Pero me abstuve, aunque ahí mismo recordé que a este país lo están haciendo transgénico para que los chanchos de la China crezcan rozagantes; vean ustedes si no, cómo, pese a la matraqueada crisis global, la sojita sigue siendo buen negocio. Y deshice mis pasos, otra vez rumbo a Serrano, perdón, Borges y Guatemala.

Allí mismito queda El Preferido, que cuando hace medio siglo abrió sus puertas supo ser bar y almacén (recuerdo que en los últimos tiempos de aquella primer etapa, con mi amigo Eduardo Kimel supimos disfrutar de unas memorables cazuelas de caracoles). En la actualidad, si no es el mejor restaurante del barrio le pega en el palo.

Entré, pedí una mesa junto a la ventana, con la vana esperanza de verlo a Carriego con paso lento por la vereda, y opté por una mayonesa de atún, un tubo de blanco (creo que fue López, que nunca falla), y para el final un flan con crema…y la nave fue, despacio, sin sobresaltos.

Mi abuela decía comer y rascar es sólo empezar. Y yo lo adapto, comer y recordar es un solo cantar. Recordé entonces mi visita anterior; una noche de invierno y aquel cocido que por vez primera fuera abordado en la prensa por diario El Comercio, de Gijón, en 1884. El mismo guiso que habría llegado a España en el medioevo, desde el Languedoc francés, donde se lo conoce con el nombre de cassoulet .

Les paso un receta que sabe bien y parecido a como sabe en El Preferido, pues la del restaurante, por lógica, es un secreto: 300 gramos de porotos blancos, una zanahoria, un puerro, un chorizo para puchero, una morcilla, 300 gramos de panceta salada, un cacho e’ hueso de jamón, otro de rabo de chancho, algo de sal y pimentón a gusto.
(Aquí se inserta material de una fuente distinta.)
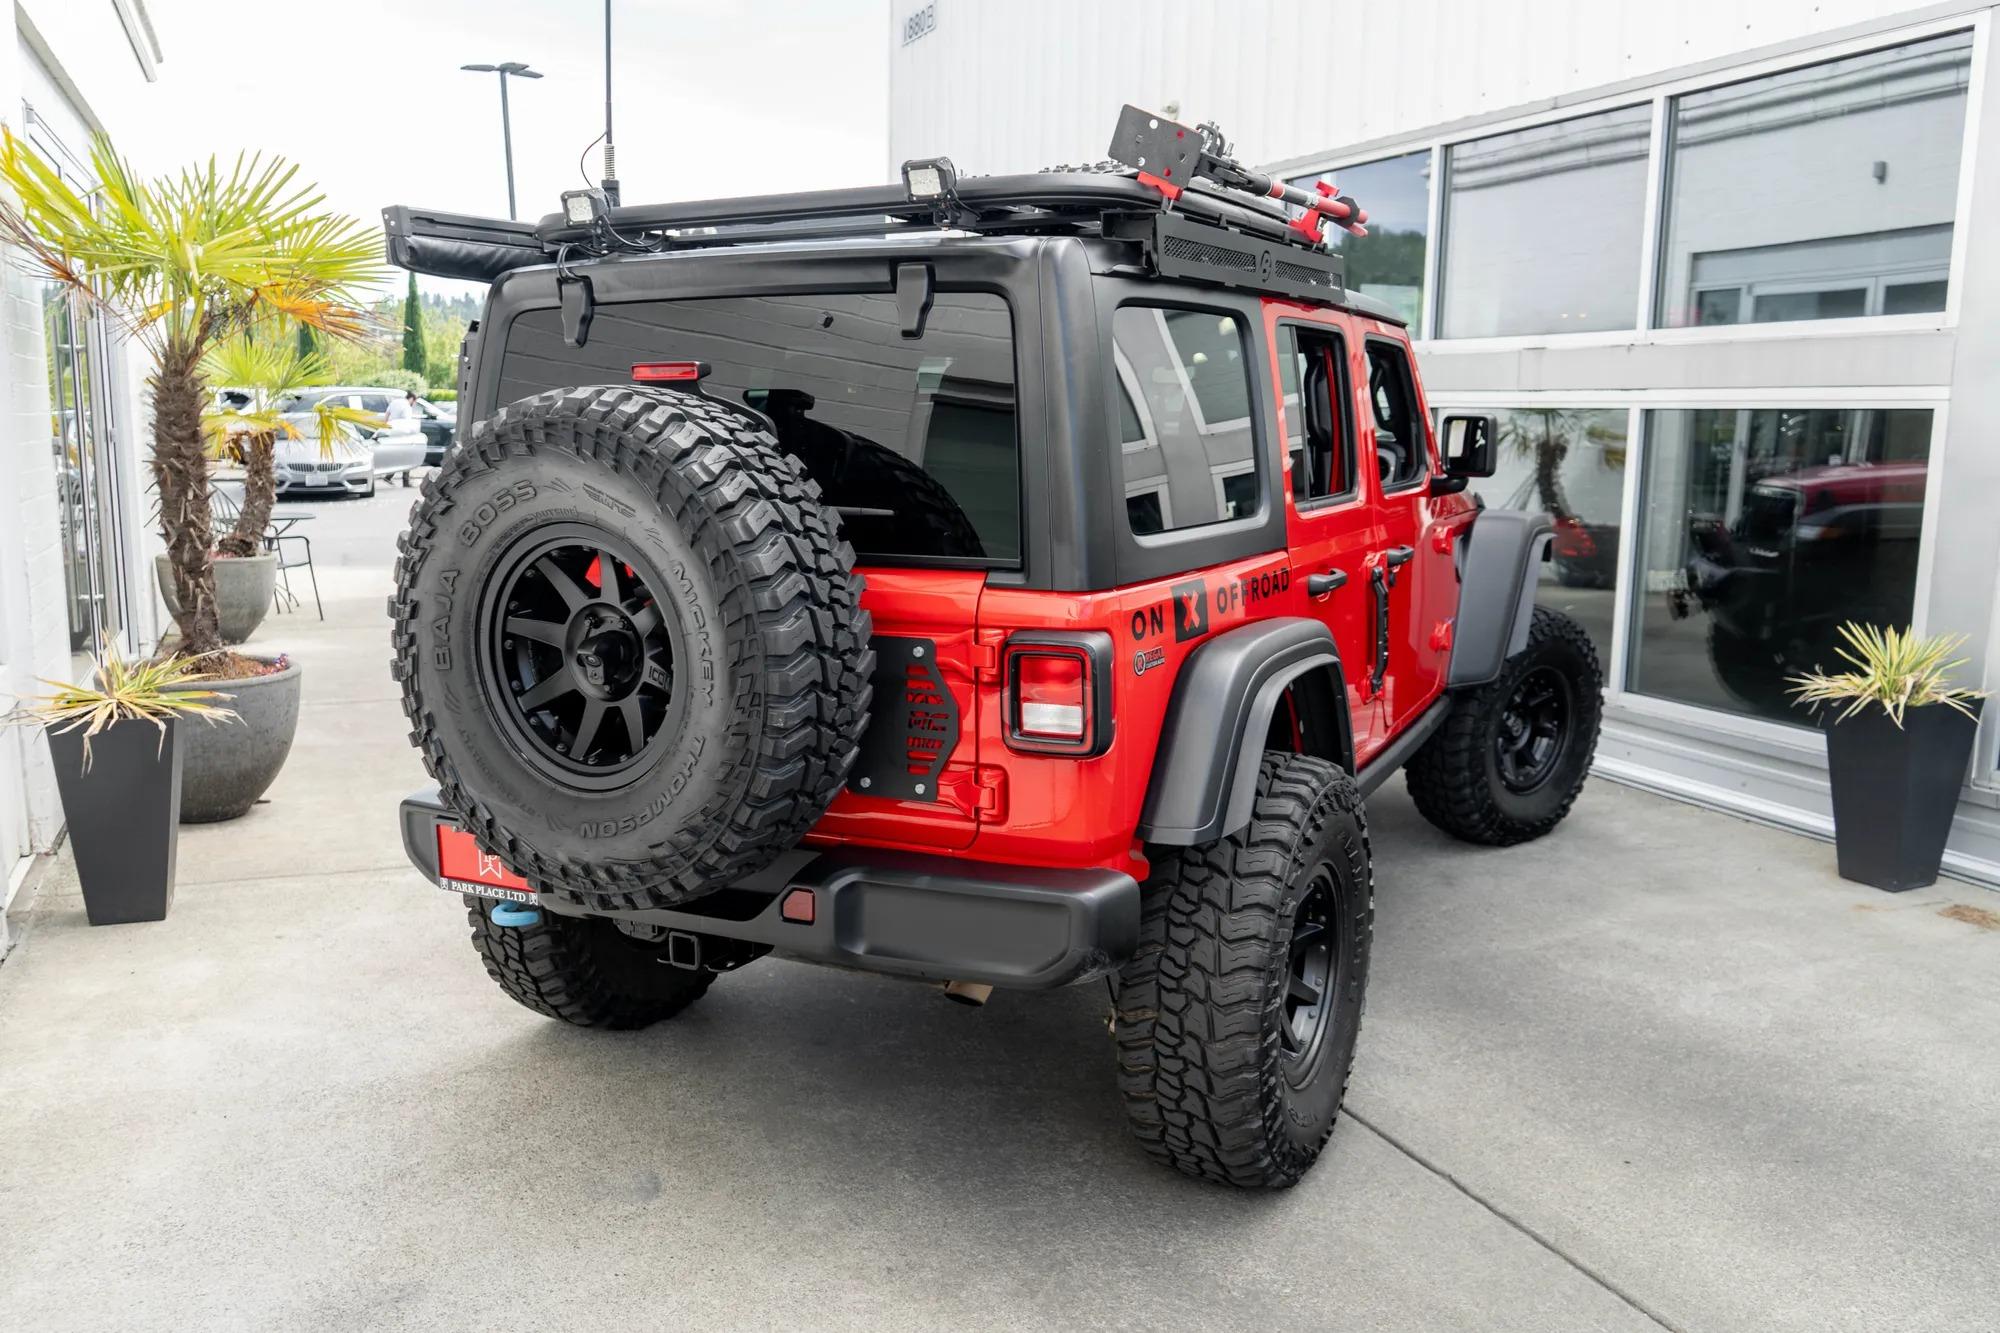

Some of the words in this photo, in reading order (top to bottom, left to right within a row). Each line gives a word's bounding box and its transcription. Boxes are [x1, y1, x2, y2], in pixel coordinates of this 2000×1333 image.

[432, 568, 461, 671] BAJA
[458, 479, 538, 547] BOSS
[1131, 603, 1164, 641] ON
[1216, 566, 1290, 614] OFFROAD
[670, 560, 715, 708] MICKEY
[579, 735, 706, 840] THOMPSON
[451, 881, 475, 894] PARK
[475, 885, 506, 899] PLACE
[506, 890, 526, 902] LTD
Una noche de remojo y por separado para los porotos y el hueso de jamón, con el rabo de chancho. En una olla hasta el hervor y un rato más, los porotos, la zanahoria, el puerro, el tocino la panceta, el rabo y el hueso. Luego añadimos la morcilla y el chorizo, hasta que los mismos estén a punto y sin desmenuzarse; los retiramos y cortamos en rodajas para luego servirlo con el guiso - caldo, que debe resultar espeso, bien caliente y sazonado con algo de sal y pimentón…¡Ah, no se olvide de apartar el hueso!

Con ustedes la famosa fabada asturiana, que en nuestra Buenos Aires no hay sitio mejor para comerla que en esa esquina de Palermo. Aboné mi adición y enfile para el cotorro. Mientras esperaba un taxi, les hice un pito catalán imaginario a los de la patria transgénica.